------ Material supplied ------

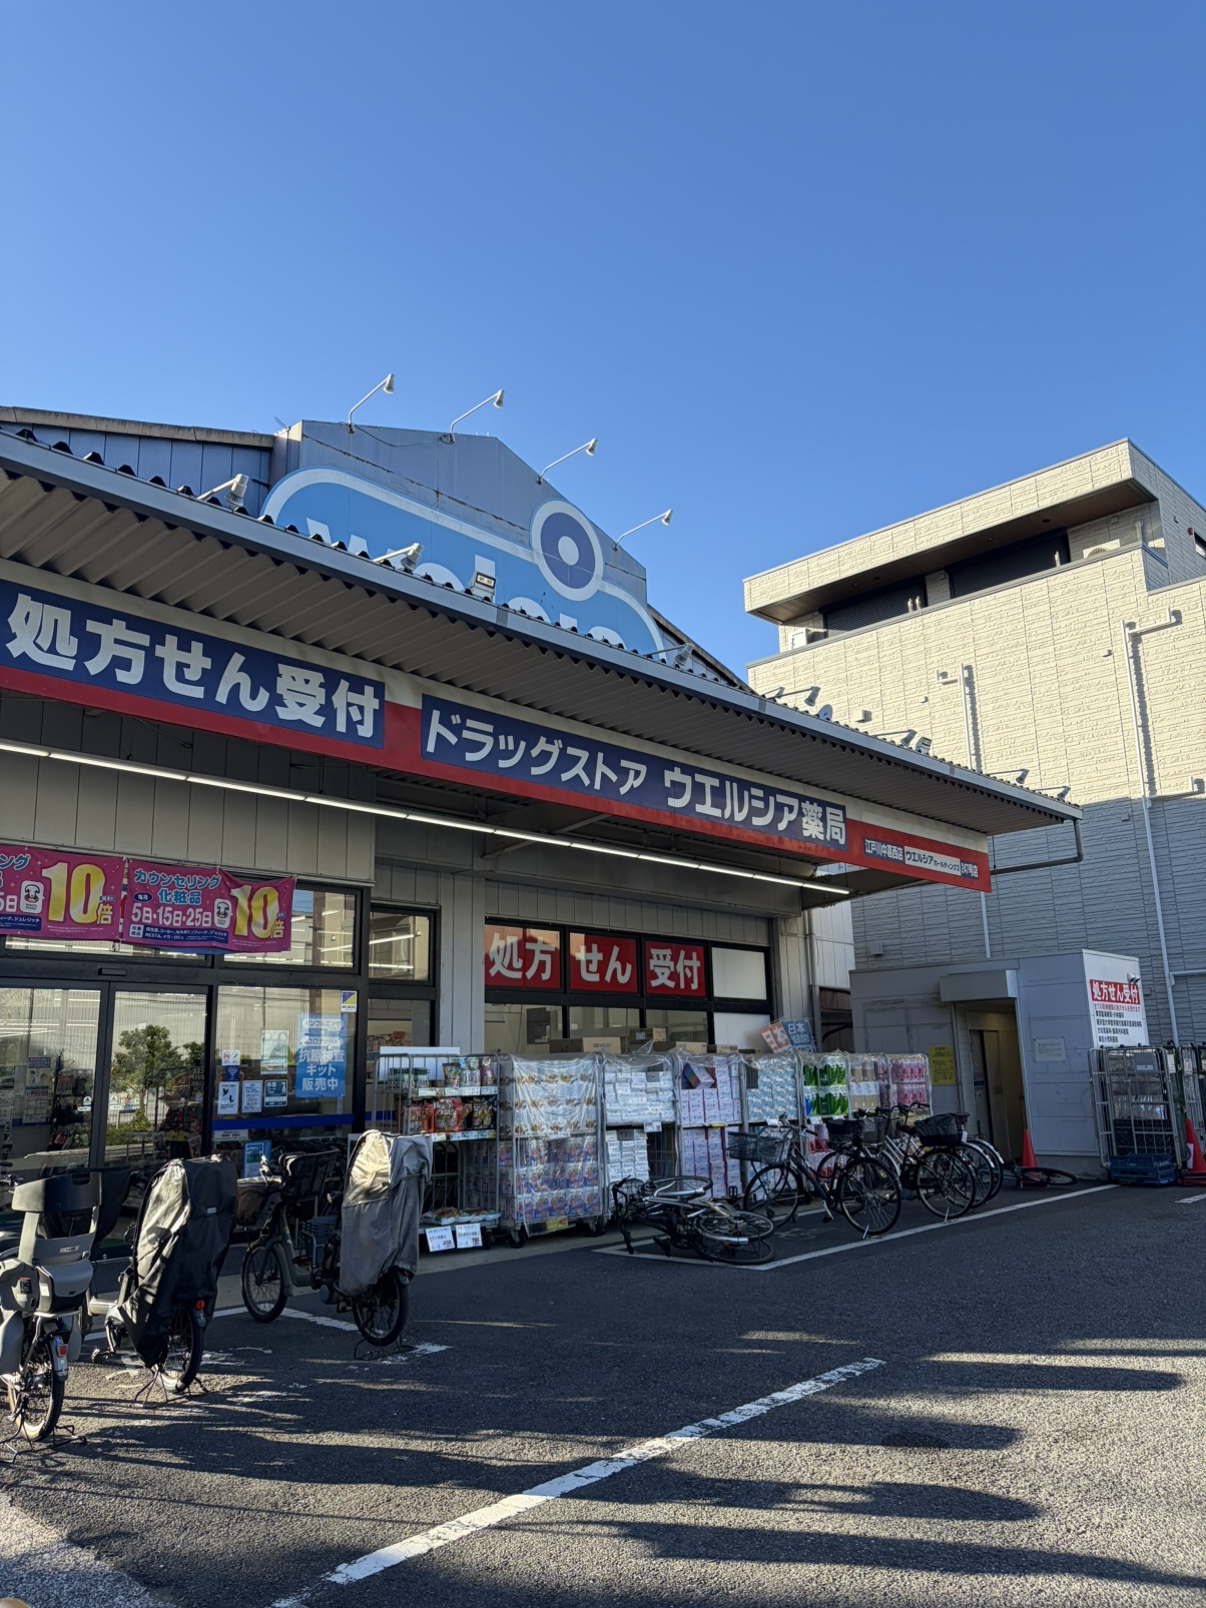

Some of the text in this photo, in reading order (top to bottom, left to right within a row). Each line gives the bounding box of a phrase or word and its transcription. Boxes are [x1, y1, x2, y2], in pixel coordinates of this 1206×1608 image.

[5, 593, 380, 738] 処方せん受付
[426, 709, 847, 846] ドラッグストア ウエルシア薬局
[134, 868, 222, 890] カウンセリング
[157, 888, 202, 905] 化粧品
[489, 932, 701, 990] 処方 せん 受付
[1092, 981, 1139, 1004] 処方せん受付
[787, 1022, 806, 1035] 日本
[298, 1048, 345, 1063] 抗原検査
[306, 1063, 336, 1076] キット
[302, 1077, 339, 1091] 販売中
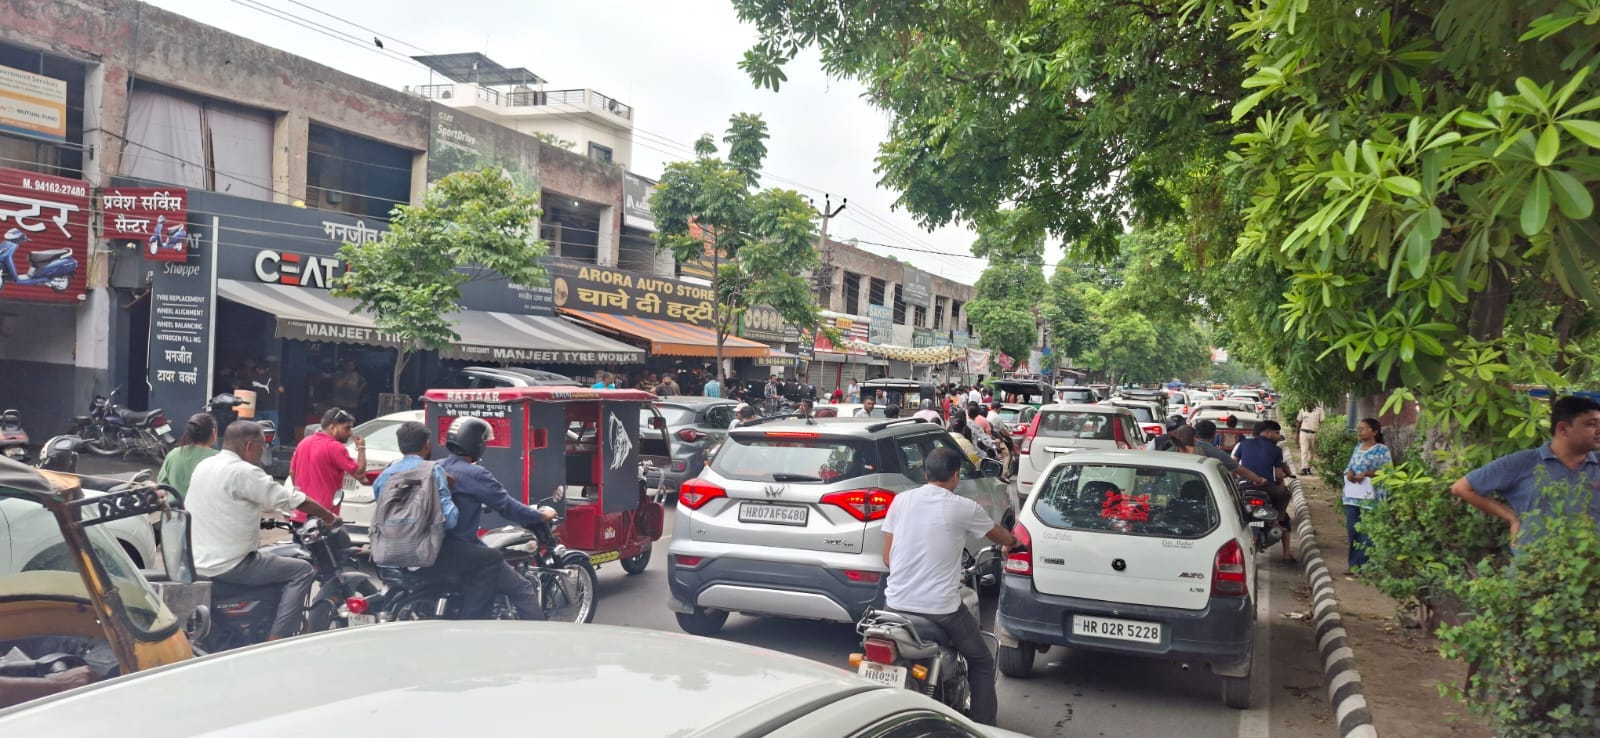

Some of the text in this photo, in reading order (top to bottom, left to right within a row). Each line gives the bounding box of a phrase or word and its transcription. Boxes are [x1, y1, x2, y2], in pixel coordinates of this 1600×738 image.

------

» **Aim of the exercise**
I'd like every record transcribed exactly, with no pictures carried over.

» **The answer**
Some of the text in this photo, in reading order (top to bottom, left to right within a row). Each line gives the bounding box of a phrase or word and its transcription. Boxes are [x1, y1, x2, y2], in pixel coordinates of this 1206×1608 image.

[5, 593, 380, 738] 処方せん受付
[426, 709, 847, 846] ドラッグストア ウエルシア薬局
[134, 868, 222, 890] カウンセリング
[157, 888, 202, 905] 化粧品
[489, 932, 701, 990] 処方 せん 受付
[1092, 981, 1139, 1004] 処方せん受付
[787, 1022, 806, 1035] 日本
[298, 1048, 345, 1063] 抗原検査
[306, 1063, 336, 1076] キット
[302, 1077, 339, 1091] 販売中

Some of the text in this photo, in reading order (top to bottom, left to right within a row). Each line gives the bounding box of a phrase or word and its transcription. Boxes are [x1, y1, x2, y2], in pixel coordinates of this 1600×738 image.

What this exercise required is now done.